Change Your Image
bhlr
Reviews
Davy Crockett: King of the Wild Frontier (1955)
For any generation.
I've noticed most of the comments on this film have come from guys who saw "Davy Crockett" back in the fifties and sixties. I just want to assure those folks that Fess Parker was still working his magic years later.
In the early eighties, when I was about nine years old, HBO or one of those channels ran the entire series. After we watched it, us kids around the neighborhood were piling up firewood behind our fences to make a sort of rampart upon which to stand while we defended the Alamo from old Santy' Anna. We didn't have the coonskin caps, but we did have active imaginations. Some of us even took it upon ourselves to learn more about the battle. Surely our teachers were mystified when, at that years history fair and contest, half of the boys entered carefully constructed miniatures of the battle, composed of Play-Do, pencils, and toy soldiers.
I guess the show still had an impact on me later on when I was in the military. I learned from Fess Parker to make every shot count. When the time came, I did. I suspect quite a few of our nation's finest marksmen learned that from him as well.

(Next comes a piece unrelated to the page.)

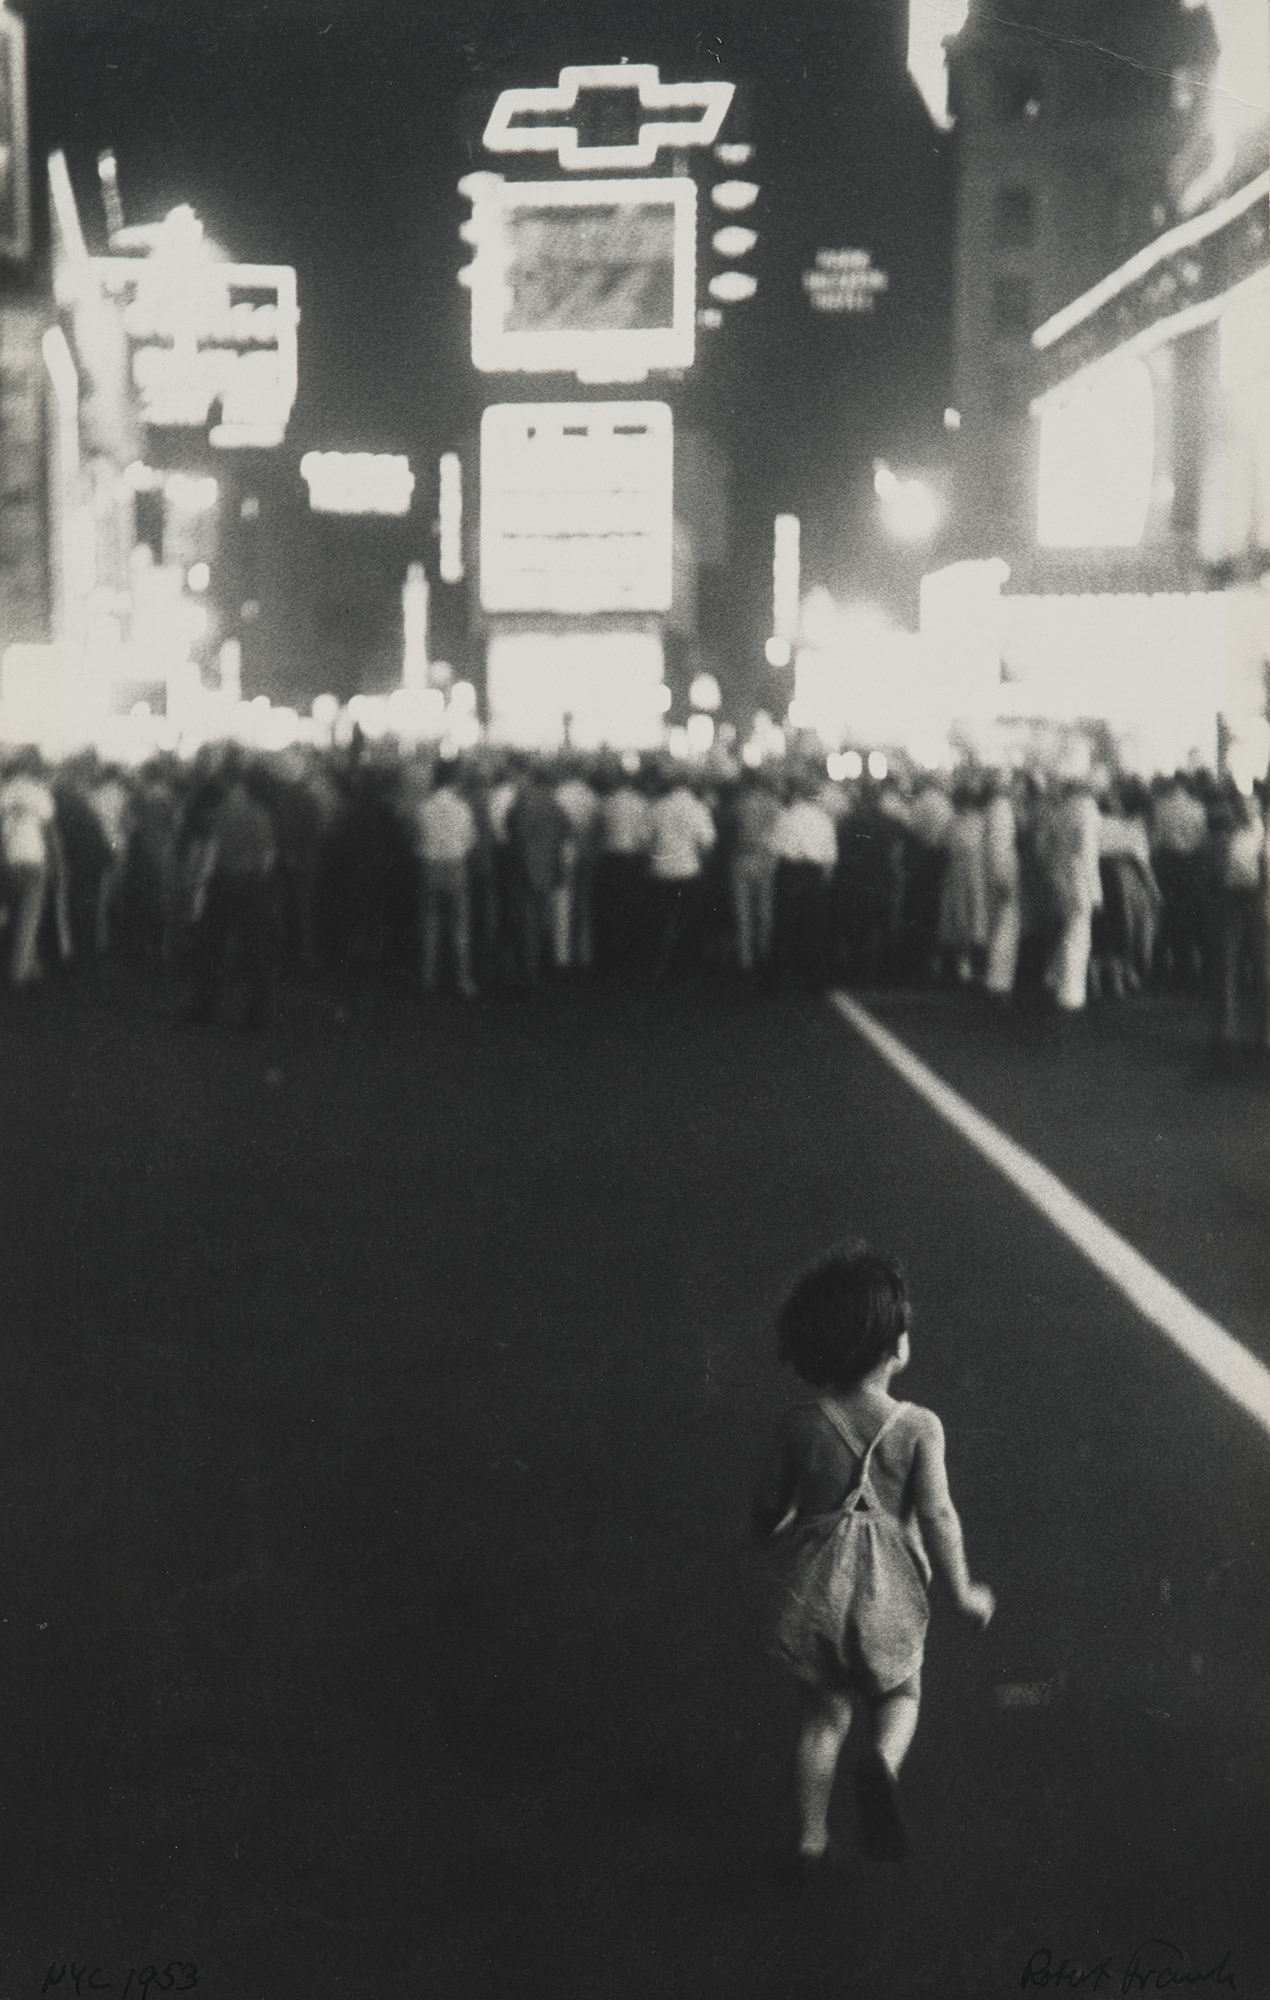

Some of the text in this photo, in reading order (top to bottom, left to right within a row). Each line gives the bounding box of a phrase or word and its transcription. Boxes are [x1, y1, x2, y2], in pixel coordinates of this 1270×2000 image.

[41, 1961, 199, 2000] NYC 1953
[1021, 1938, 1237, 1995] Robert Frank

I won't go into the artistic or historic discrepancies of the film. Nor will I ramble on about politics in the so-called Age of Jackson, the causes of the Texan war for independence, or the speculations made about the death of David Crockett. This is a film for kids (regardless of age), and should be enjoyed as such. But one more thing has to be thrown in.
On a late autumn night about six years ago I got the news that my grandfather had passed away. I went home and sat alone in the dark in my living room feeling that terrible numbness that we've all known at such times. I must have sat there a couple of hours before I found the TV control and hit the switch, mainly so there would be some light.
On the screen were Fess Parker and Buddy Ebson, just beginning their adventure with the river pirates. For an hour or so I was able to smile a bit and feel a little of what I once had when I had first seen re-runs of that show twenty years before. Then I got some sleep and was able to wake up and face reality with a little more grit than I might otherwise have had.
If Fess Parker ever reads this, I hope he knows how grateful I was, and am.